I had forced Apache Beehive to display all the buttons using the <button> tag so I could take advantage of setting a global style.  Obviously that was now out of the question.  I had to switch back to using <input type=”button”> tags (by removing the Beehive attibute renderAsButton=”true”) and apply a style to each of them.  Crisis averted, but only after an embarassing incident in front of the customer.

P.S. The problem is resolved in IE7 - where we’d been doing all of our IE testing.

In one of my current projects, my application has some pretty strict security requirements.  It’s designed so that only a small piece of the functionality is available to external users, while the full application can only be accessed by internal and partner users.  To ensure that the line isn’t breached, we’ve set up two parallel environments - the private side runs on the same servers as the rest of the internal applications with the public side isolated from the more secure internal applications.  This isn’t really anything that out of the ordinary.

Obviously we’ve got authentication and authorization procedures on the public side to ensure that users only see only what they’re allowed to see.  But is there a way to be even safer?  What if our public application included only the functionality that the public can see?

That’s exactly what we’ve done.  Our build script, which I’ll cover in more detail in a future post, allows us to declare Java packages to exclude from the public application package.  In the build.xml for each project, we optionally include an Ant property called “exclude.public” that contains a comma separated list of packages to exclude.
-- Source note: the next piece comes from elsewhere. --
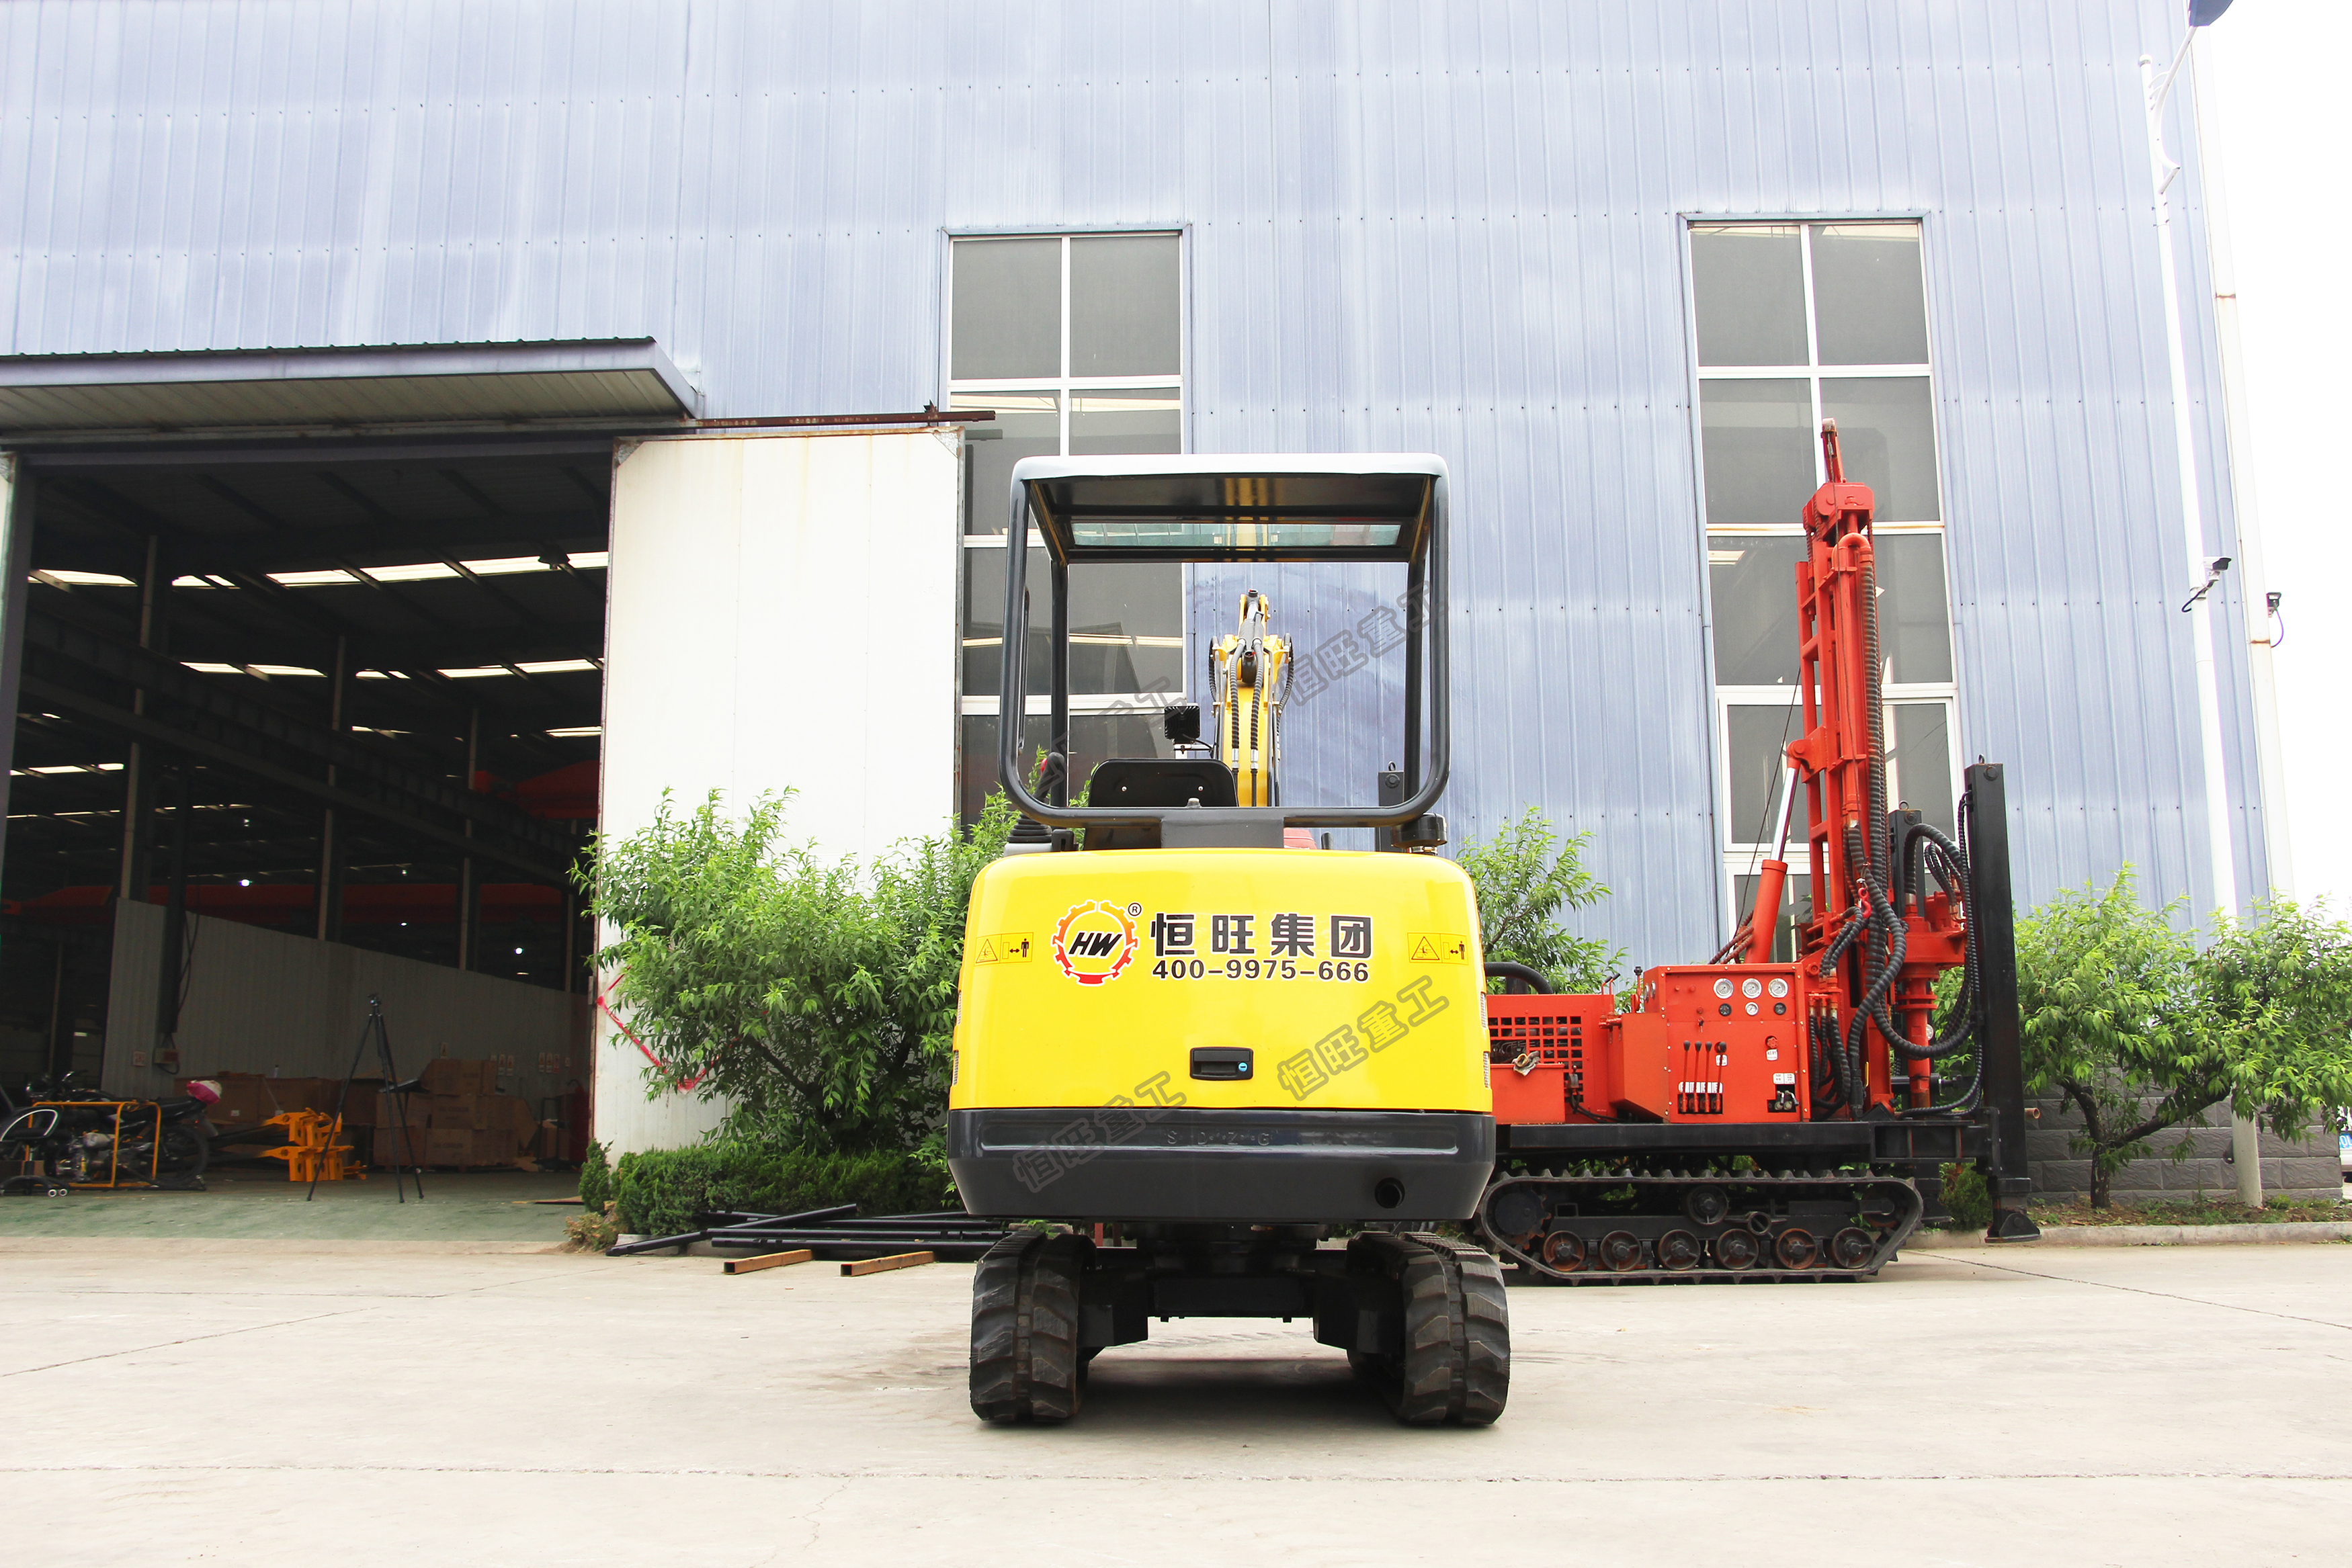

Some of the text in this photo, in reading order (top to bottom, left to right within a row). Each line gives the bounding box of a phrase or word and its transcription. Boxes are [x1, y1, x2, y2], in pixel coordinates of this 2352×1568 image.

[1068, 932, 1123, 957] HW
[1151, 913, 1372, 958] 恒旺集团
[1152, 959, 1369, 981] 400-9975-666
<property name="public.exclude" value="com/mycompany/myapp/packagea/**,
              com/mycompany/myapp/packageb/**,
              com/mycompany/myapp/packagec/**"/>

We’re using the Ant-contrib library to get real conditional logic within our Ant scripts, to make it easier to provide a default value for our properties in case we’d like to publish the full application.

    <target name="public-only">
        <if>
            <isset property="exclude.private"></isset>
            <then>
                <property name="excluded.files" value="${public.exclude}"/>
                <property name="dist.subdir" value="public/"/>
            </then>
            <else>
                <property name="excluded.files" value=""/>
                <property name="dist.subdir" value=""/>
            </else>
        </if>
    </target>

If we indicate we only want to build the public application, the public.exclude property becomes the value for the “excludes” attribute of the javac task - completely removing the code from the public application.

<javac srcdir="${src.dir}" destdir="${classes.dir}"
        classpathref="lib.path.id" debug="true"
        excludes="${excluded.files}"></javac>

Since the final package doesn’t even contain the dangerous code, we’ve made it impossible to execute even if all our other security fails us (unless of course we deploy the wrong package to the server).